When we lose someone close to us, we also lose the things they did for us. Thus, one of the challenges of mourning is to find new ways to fulfill our needs. But that takes time. While we try to adjust, our family and friends may only see isolation, withdrawal, and depression. Delicacy is a French film that boldly and creatively explores the soulscape of sadness in the life of a pretty young wife after her husband is hit by a car while jogging and dies.
Francois (Pio Marmai) and Natalie (Audrey Tautou) are two Parisians who meet casually and are married on a day when it snows. Their love is nothing like the weather; it is hot and romantic. Then one ordinary day, it is all taken away from Natalie when he is killed. She is lost to her birth family, his parents, and her best friend (Josephine de Meaux) who all try to rescue her from what they perceive as a prison of sadness.

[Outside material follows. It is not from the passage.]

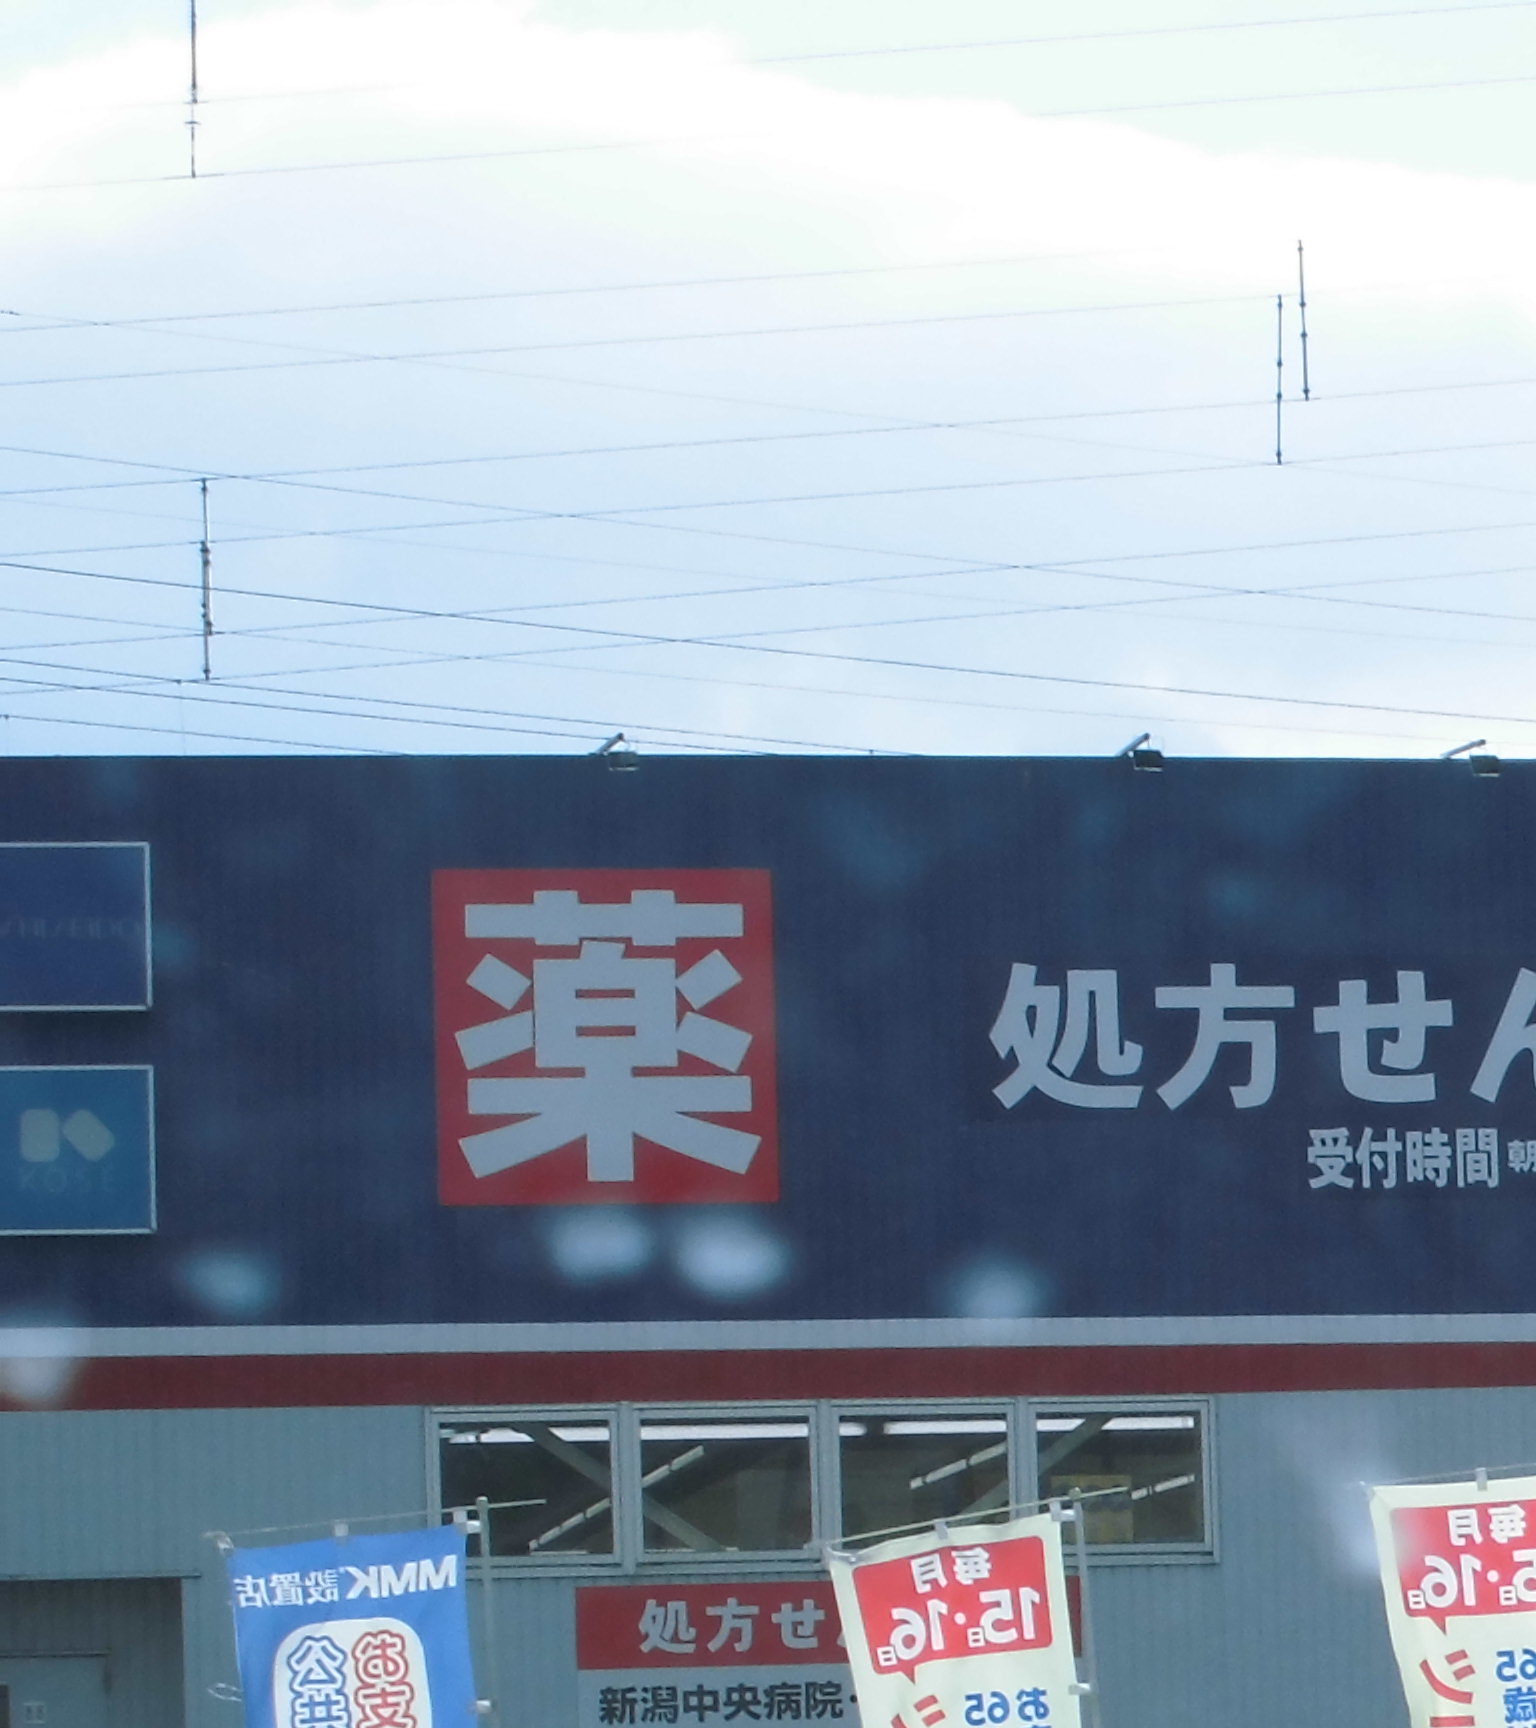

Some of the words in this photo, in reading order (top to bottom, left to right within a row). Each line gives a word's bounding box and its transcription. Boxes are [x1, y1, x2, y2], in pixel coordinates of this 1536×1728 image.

[455, 889, 761, 1181] 薬
[637, 1596, 848, 1654] 処方せ
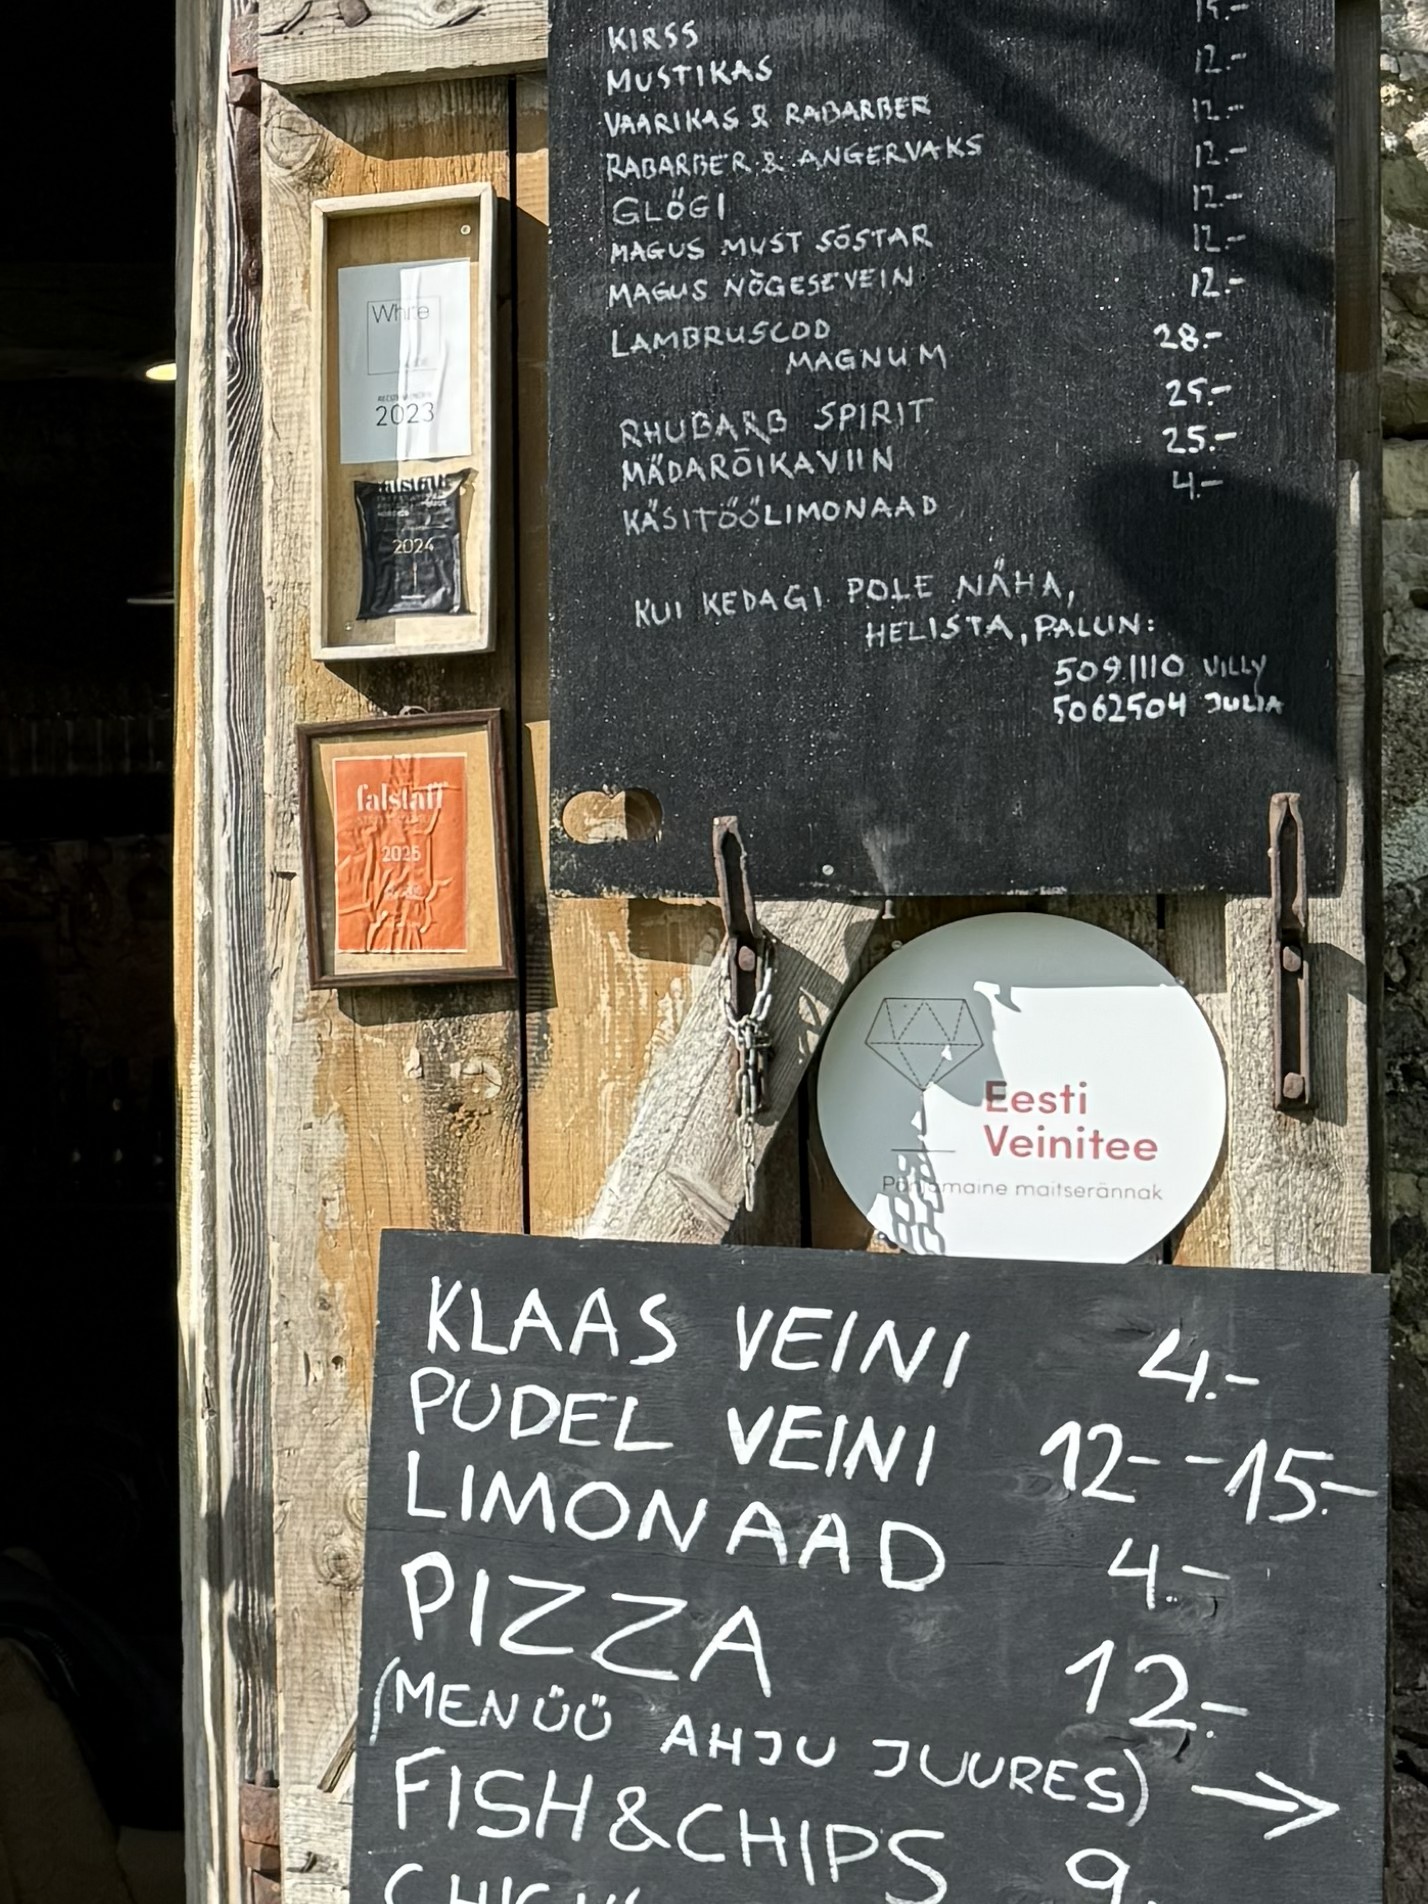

For three years, Natalie devotes all her time and energy to her work at a Swedish firm. Her handsome and domineering boss (Bruno Todeschini) is romantically attracted to her even though he is married. After refusing many invitations for dinner, Natalie finally gives in and he pours on the charm. But it all comes to naught given her dislike of his controlling and arrogant personality.
Instead, Natalie bestows her affections on Markus (Francois Damiens), a colleague from Sweden who works for her on a planning team. One day out of the blue, she flutters free of her sadness and spontaneously plants a long and juicy kiss on his lips. Markus is stunned and amazed at this unimaginable gift. He is a shy and unpretentious man who then responds by asking Natalie out on a date. She finds his humor and humility to be very appealing. And when she introduces him to her beloved grandmother, the old woman says she likes him because he has a good heart.
Stephane and David Foenkinos direct this Gallic drama which does a remarkable job examining the complexity and dynamics of sadness.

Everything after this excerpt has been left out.